In March, The Wall Street Journal reported that Apple had pushed back on an email app’s generative AI-infused update until the developer gave the app a 17+ restriction, expressing concerns that the AI tools could generate inappropriate content for children. On the App Store, the OpenAI ChatGPT app is rated “12+ years”.
OpenAI did not respond to questions about any additional parameters it may have included in its iOS model, although presumably the mobile app met Apple’s requirements for access to the App Store. Currently, on the web, ChatGPT refuses to generate problematic content when prompted; he will not write, for example, pornographic short stories or make religious jokes, according to WIRED’s tests, although he will write satires on religious wars. Satire is also a permitted category on the Apple App Store.
When asked why OpenAI’s iOS app for ChatGPT came six months after the release of its ChatGPT web app, spokeswoman Kayla Wood said it was part of the company’s AI-safe development ethos. “This goes back to our whole strategy of slowly and surely getting these useful tools out into the world,” she adds.

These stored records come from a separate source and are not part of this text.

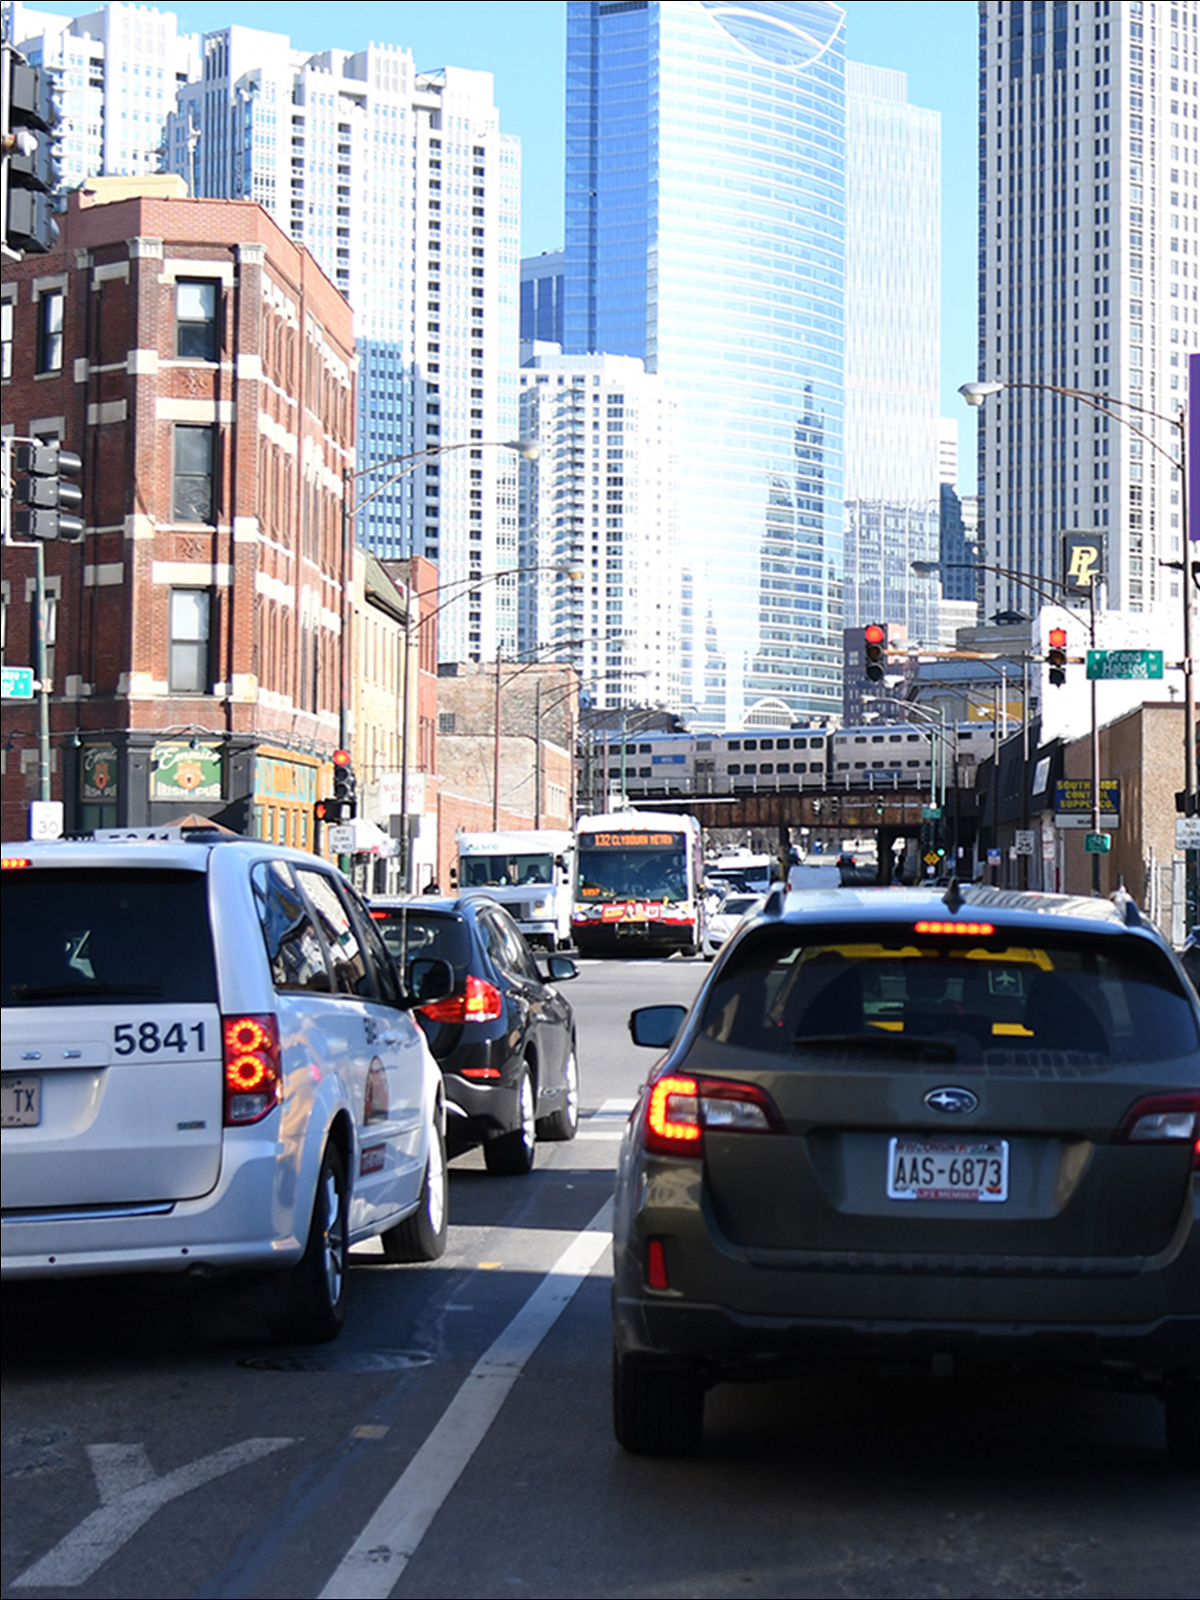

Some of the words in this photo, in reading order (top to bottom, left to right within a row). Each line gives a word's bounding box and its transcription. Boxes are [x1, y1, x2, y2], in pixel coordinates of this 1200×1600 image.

[1106, 650, 1142, 663] Grand
[1103, 662, 1148, 674] Halsted
[195, 782, 222, 797] PUB
[1057, 780, 1091, 791] SOUTH
[391, 793, 415, 803] BR
[1065, 791, 1109, 799] CONTOL
[37, 820, 59, 835] 30
[595, 833, 611, 847] 132
[113, 1021, 207, 1056] 5841
[14, 1088, 36, 1113] TX
[895, 1156, 1002, 1189] AAS-6873

OpenAI has made it clear that its strategy for making AI smarter also involves training algorithms using feedback obtained from logs of people using ChatGPT. The bot’s iOS manifestation could provide a valuable new query stream, and one with a more conversational tone if the speech recognition feature proves popular.
A mobile app could also provide OpenAI with entirely new signals, such as location data. However, Apple has also limited data collection for third-party apps in recent years, starting with the release of iOS 14 and iPadOS 14.5 in 2021. App creators, for example, are now required to ask your permission when they want to track you to through apps and services owned by other companies, and iPhone users can choose to limit location tracking within apps.

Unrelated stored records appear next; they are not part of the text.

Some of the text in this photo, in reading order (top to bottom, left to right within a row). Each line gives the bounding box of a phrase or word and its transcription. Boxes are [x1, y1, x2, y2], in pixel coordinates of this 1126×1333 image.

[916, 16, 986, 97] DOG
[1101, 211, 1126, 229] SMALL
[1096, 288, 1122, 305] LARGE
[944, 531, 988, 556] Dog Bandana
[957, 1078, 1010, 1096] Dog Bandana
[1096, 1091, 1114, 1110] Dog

Apple’s new controls also mostly block access to a phone’s ad-tracking identifier, limiting some ad-based business models, including Meta’s. OpenAI doesn’t serve announcements in ChatGPT (at least, not yet); it’s free, premium, or pay-as-you-go, in the case of your DALL-E Imager.
Apple did not respond to a query from WIRED about restrictions on content moderation or data tracking that might apply specifically to this new category of AI tools, like the ChatGPT app for iOS.
ChatGPT’s App Store debut may not go down well with entrepreneurs who have shrewdly launched their own chatbot apps in recent months. The app’s arrival on mobile devices could also help thwart scammers. Earlier this week, security company Sophos warned that ChatGPT scams are showing up in the Google Play and Apple App Stores. Consumers are unknowingly lured into downloading “free” apps that claim to offer access to OpenAI’s ChatGPT, only to later receive subscription fees for bogus apps. Now, with the application of OpenAI in the mix, it might be easier to avoid low-quality chatbots with names like “Chat GBT”.